Dividends are typically paid out of company income, so if a company pays out more than it earned, its dividend is usually at a higher risk of being cut. Sharda Cropchem is paying out just 22% of its profit after tax, which is comfortably low and leaves plenty of breathing room in the case of adverse events. A useful secondary check can be to evaluate whether Sharda Cropchem generated enough free cash flow to afford its dividend. What's good is that dividends were well covered by free cash flow, with the company paying out 8.7% of its cash flow last year.

It's encouraging to see that the dividend is covered by both profit and cash flow. This generally suggests the dividend is sustainable, as long as earnings don't drop precipitously.

Click here to see the company's payout ratio, plus analyst estimates of its future dividends.

NSEI:SHARDACROP Historical Dividend Yield, August 12th 2019
NSEI:SHARDACROP Historical Dividend Yield, August 12th 2019

Have Earnings And Dividends Been Growing?

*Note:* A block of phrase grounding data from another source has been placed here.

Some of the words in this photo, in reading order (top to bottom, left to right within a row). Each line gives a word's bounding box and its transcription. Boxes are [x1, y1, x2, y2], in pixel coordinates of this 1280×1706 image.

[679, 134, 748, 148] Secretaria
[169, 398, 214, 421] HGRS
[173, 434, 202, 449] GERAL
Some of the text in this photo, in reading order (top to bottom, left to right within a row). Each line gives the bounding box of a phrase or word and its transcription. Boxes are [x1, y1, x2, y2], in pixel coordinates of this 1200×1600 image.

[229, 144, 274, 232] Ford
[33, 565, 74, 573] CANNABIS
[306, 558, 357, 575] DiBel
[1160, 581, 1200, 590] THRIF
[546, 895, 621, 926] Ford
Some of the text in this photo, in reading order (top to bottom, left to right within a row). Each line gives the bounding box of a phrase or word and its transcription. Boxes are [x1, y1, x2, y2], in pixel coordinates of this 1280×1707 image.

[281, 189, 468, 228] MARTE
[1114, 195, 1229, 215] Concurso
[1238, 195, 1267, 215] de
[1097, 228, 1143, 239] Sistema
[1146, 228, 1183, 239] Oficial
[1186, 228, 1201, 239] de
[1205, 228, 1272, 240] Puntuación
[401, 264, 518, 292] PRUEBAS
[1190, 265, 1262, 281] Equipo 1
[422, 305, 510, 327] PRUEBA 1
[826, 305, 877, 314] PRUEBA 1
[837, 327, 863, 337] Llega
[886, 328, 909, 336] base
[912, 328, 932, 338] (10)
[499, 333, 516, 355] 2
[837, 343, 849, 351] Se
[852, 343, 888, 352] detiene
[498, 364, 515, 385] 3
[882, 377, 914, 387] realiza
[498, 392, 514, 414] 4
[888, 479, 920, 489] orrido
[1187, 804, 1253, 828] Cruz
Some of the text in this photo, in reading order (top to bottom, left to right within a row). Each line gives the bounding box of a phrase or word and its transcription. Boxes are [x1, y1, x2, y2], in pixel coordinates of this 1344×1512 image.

Companies with consistently growing earnings per share generally make the best dividend stocks, as they usually find it easier to grow dividends per share. If business enters a downturn and the dividend is cut, the company could see its value fall precipitously. With that in mind, we're encouraged by the steady growth at Sharda Cropchem, with earnings per share up 8.2% on average over the last five years. Earnings per share have been increasing steadily and management is reinvesting almost all of the profits back into the business. This is an attractive combination, because when profits are reinvested effectively, growth can compound, with corresponding benefits for earnings and dividends in the future.